- WHAT THE TASK REQUIRES
Restate, in full and unchanged, the entries that follow, but not their pictures.

Annotated photo localization data

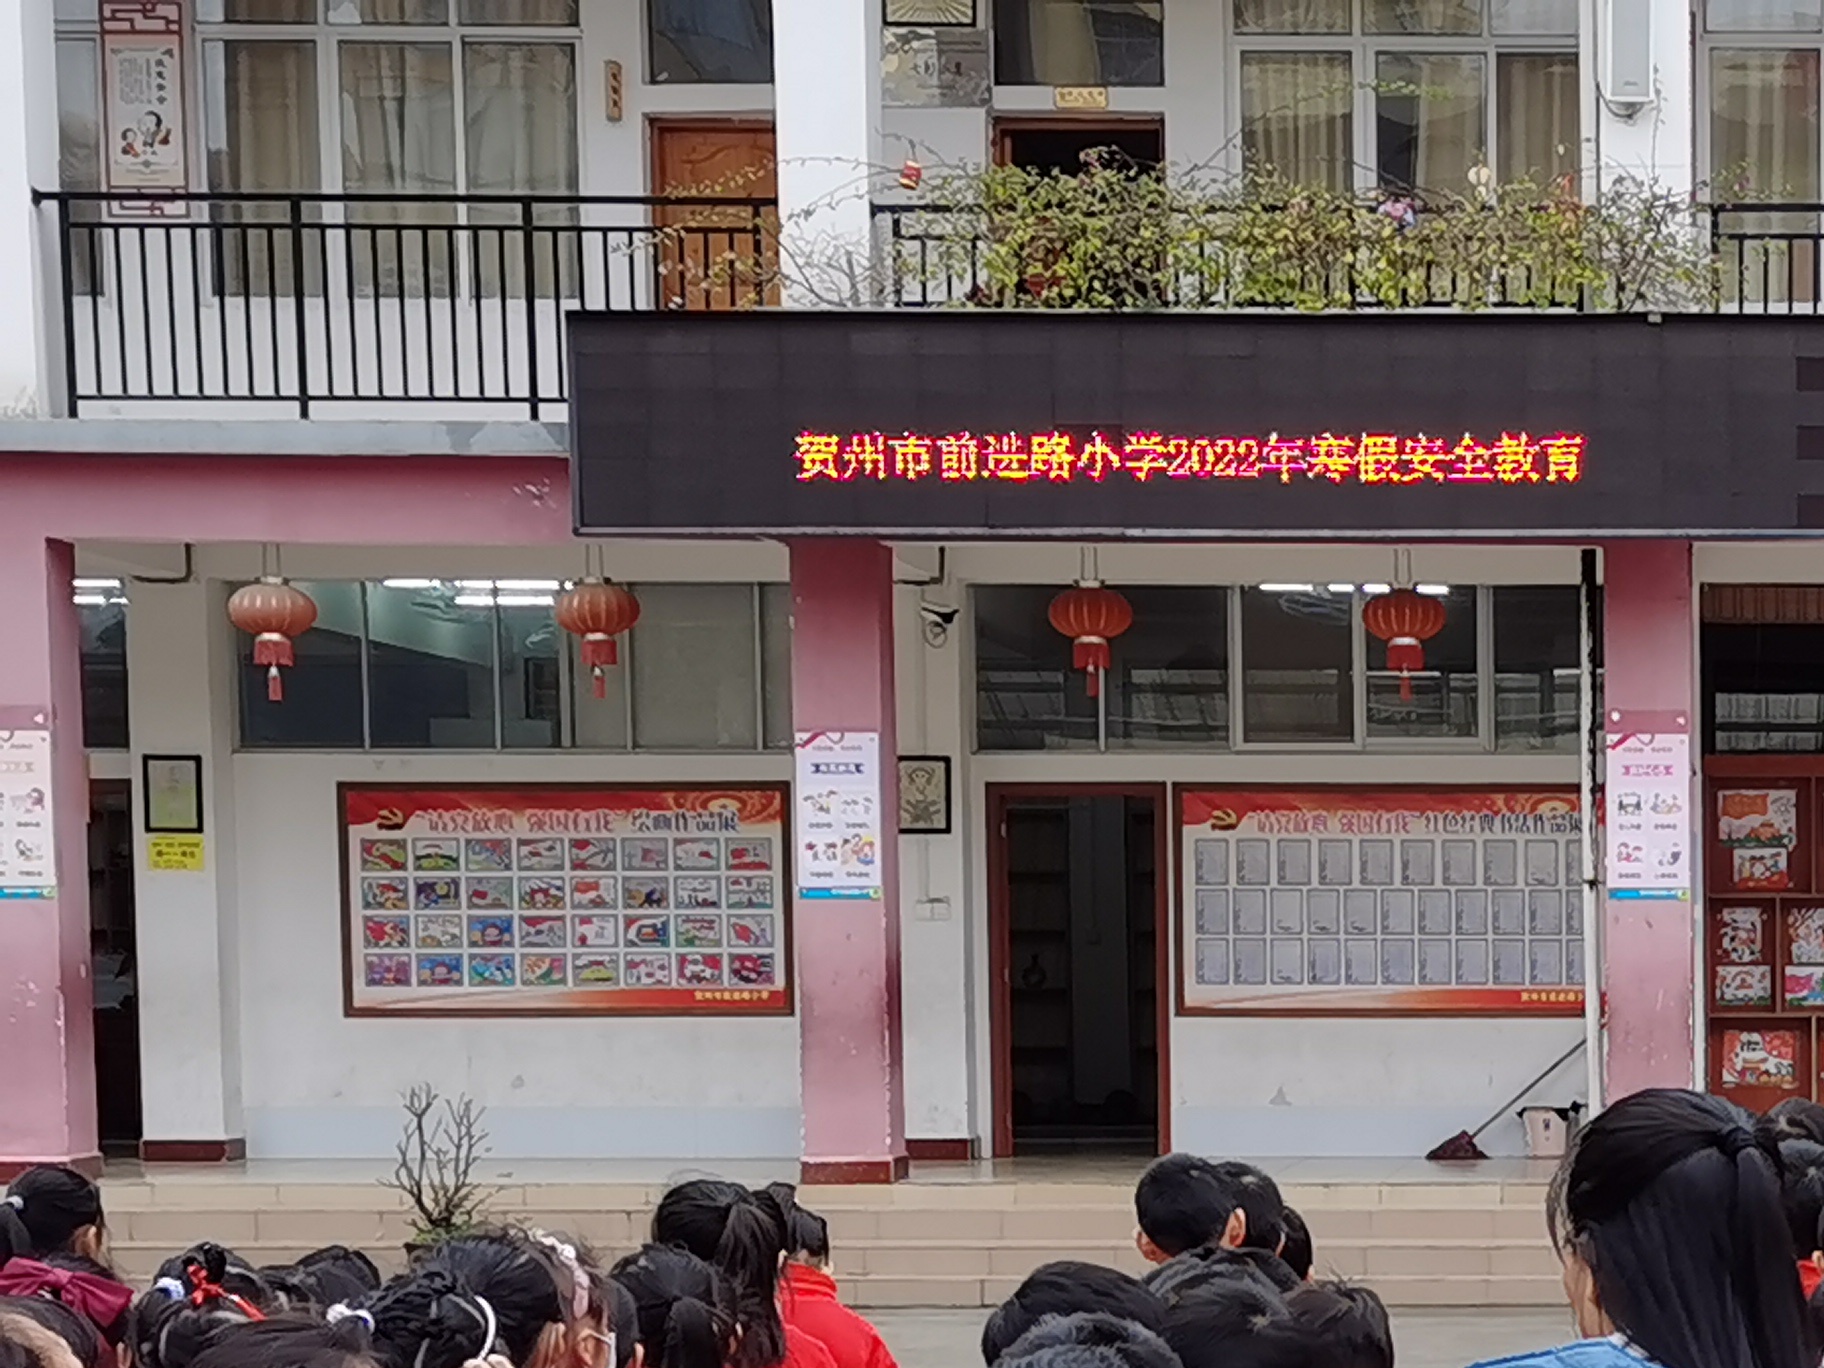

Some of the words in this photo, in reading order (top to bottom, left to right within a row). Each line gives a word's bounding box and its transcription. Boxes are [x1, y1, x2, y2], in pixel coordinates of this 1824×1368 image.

[793, 431, 1588, 483] 贺州市前进路小学2022年寒假安全教育
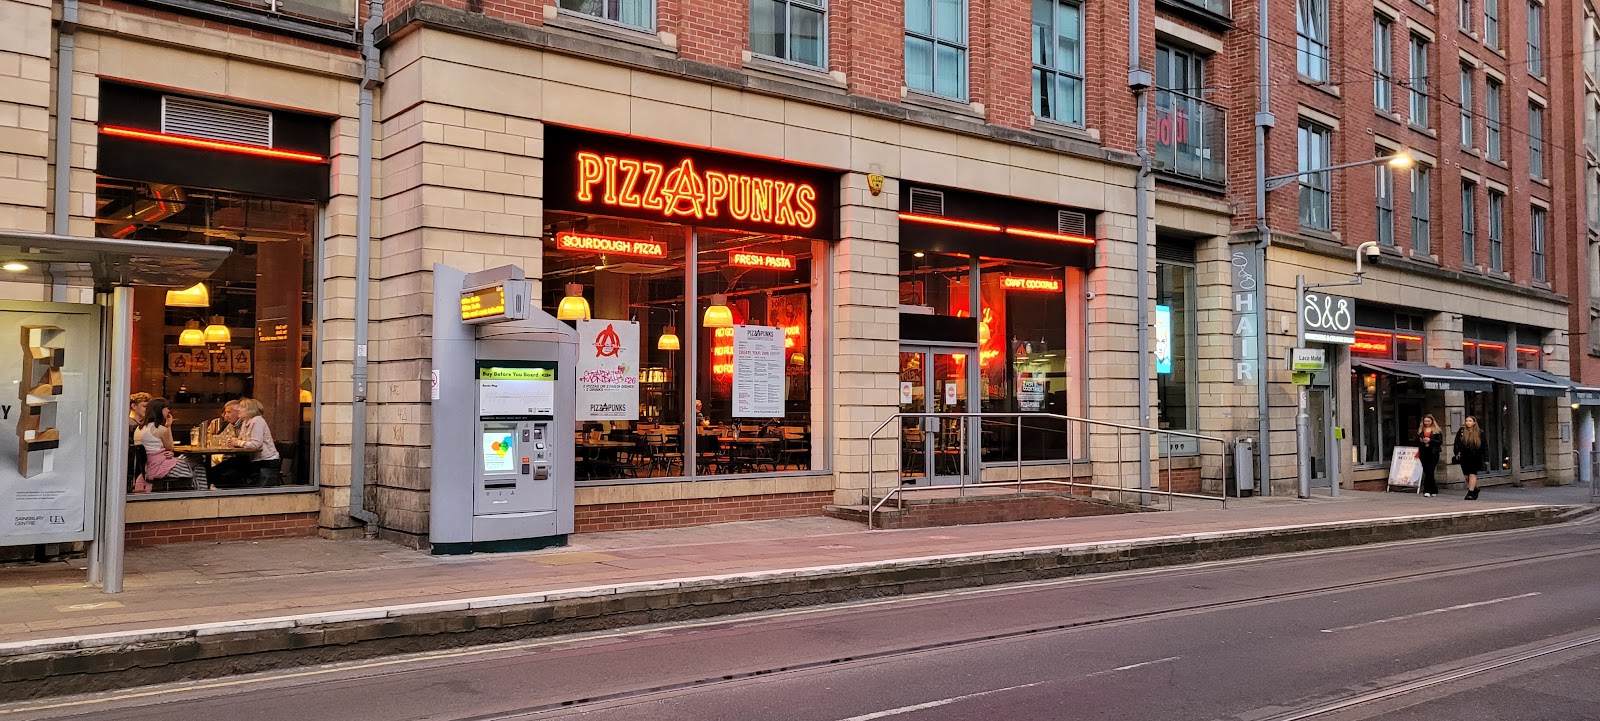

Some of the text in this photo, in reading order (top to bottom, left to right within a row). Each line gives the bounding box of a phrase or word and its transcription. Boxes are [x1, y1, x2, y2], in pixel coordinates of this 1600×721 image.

[562, 235, 662, 256] SOURDOUGH PIZZA
[734, 253, 792, 268] FRESH PASTA
[1005, 278, 1059, 290] CRAFT COCKTAILS
[1304, 294, 1351, 331] S&B
[715, 327, 734, 337] NO GO
[1235, 293, 1253, 380] HAIR
[714, 347, 723, 356] NO
[713, 365, 723, 374] NO
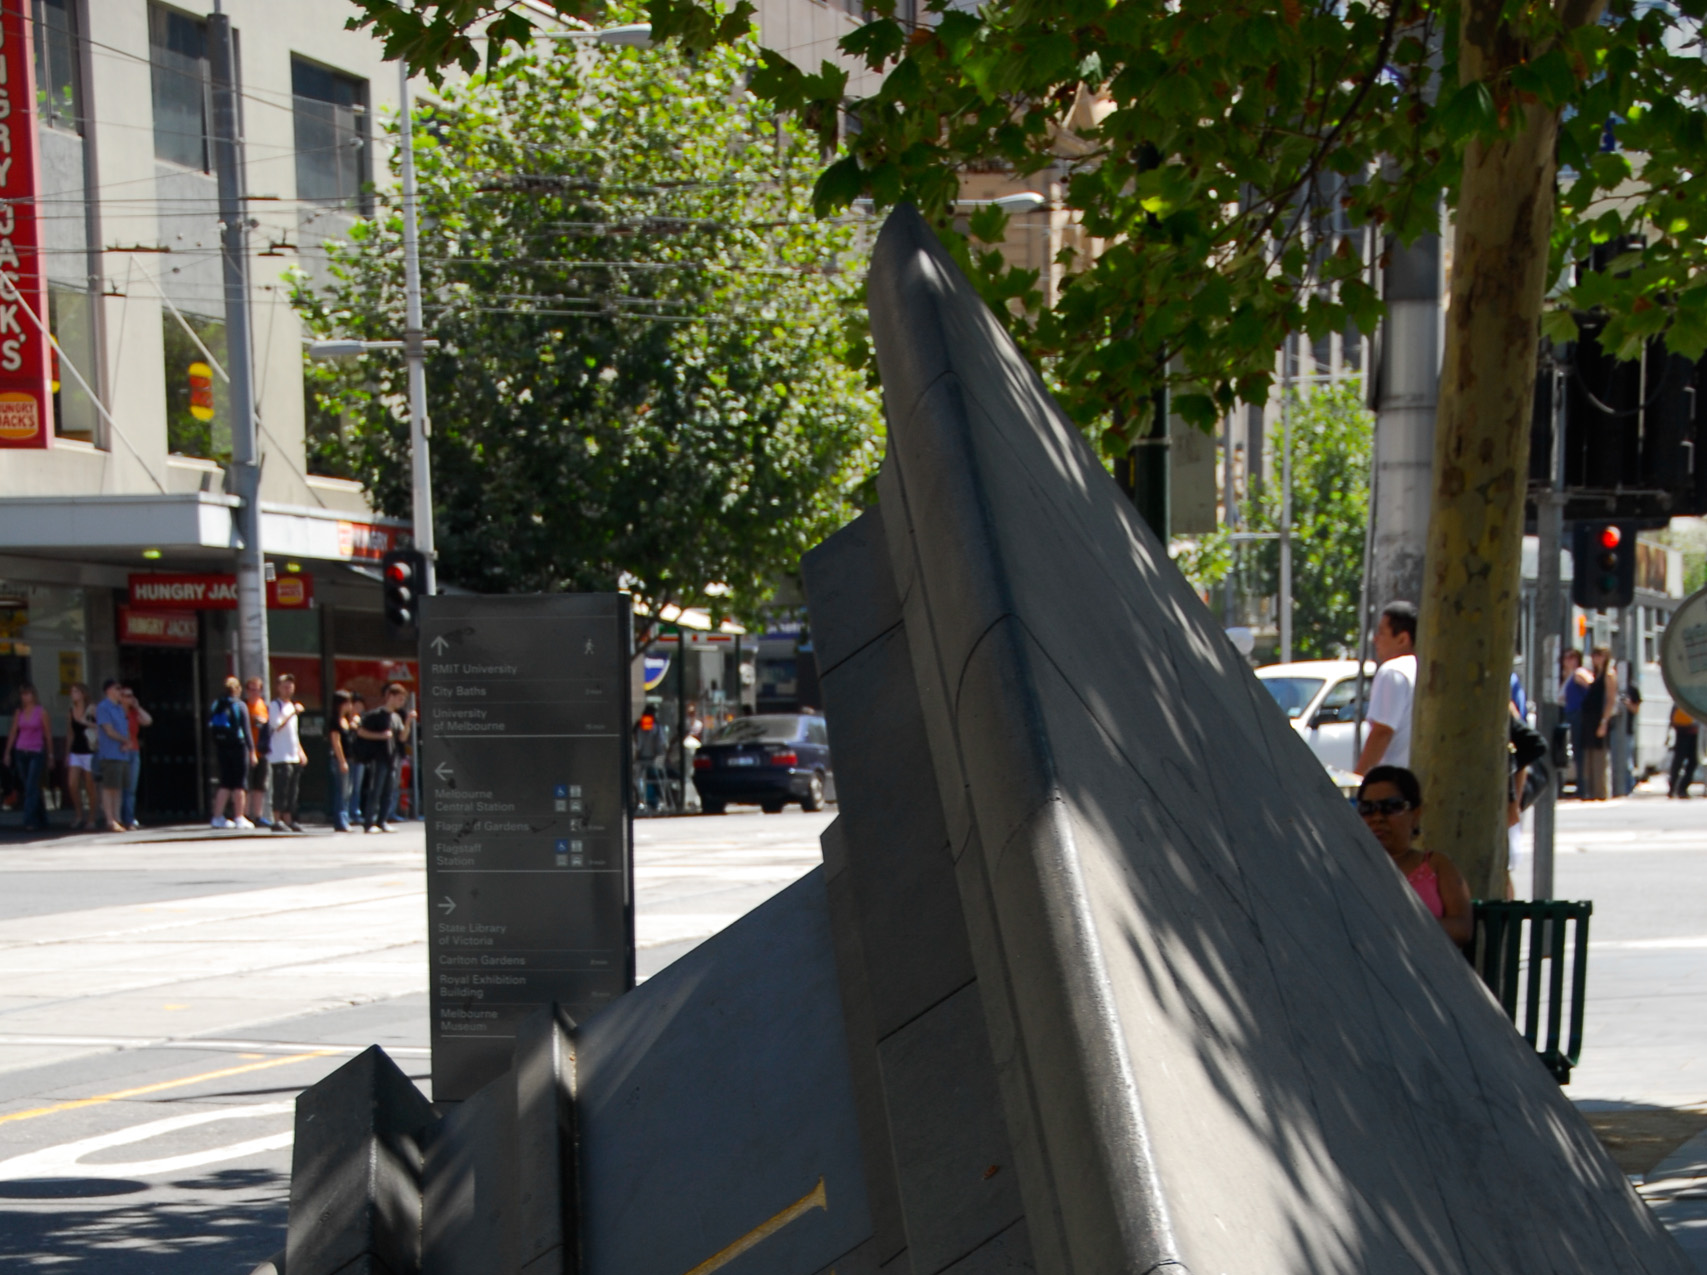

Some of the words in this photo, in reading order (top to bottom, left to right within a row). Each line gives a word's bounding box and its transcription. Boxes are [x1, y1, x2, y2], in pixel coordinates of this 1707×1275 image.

- ANSWER BOX
Some of the words in this photo, in reading order (top to bottom, left to right within a row). Each line gives a word's bounding box and its transcription. Boxes are [x1, y1, x2, y2], in pixel coordinates of this 1824×1368 image.

[793, 431, 1588, 483] 贺州市前进路小学2022年寒假安全教育

Some of the text in this photo, in reading order (top to bottom, left to right within a row). Each line gives the bounding box of a phrase or word and its transcription. Boxes are [x1, y1, x2, y2], in pixel coordinates of this 1600×721 image.

[562, 235, 662, 256] SOURDOUGH PIZZA
[734, 253, 792, 268] FRESH PASTA
[1005, 278, 1059, 290] CRAFT COCKTAILS
[1304, 294, 1351, 331] S&B
[715, 327, 734, 337] NO GO
[1235, 293, 1253, 380] HAIR
[714, 347, 723, 356] NO
[713, 365, 723, 374] NO

Some of the words in this photo, in reading order (top to bottom, left to right within a row). Each line gives a word's bounding box and its transcription. Boxes are [x1, y1, x2, y2], in pixel coordinates of this 1707×1275 image.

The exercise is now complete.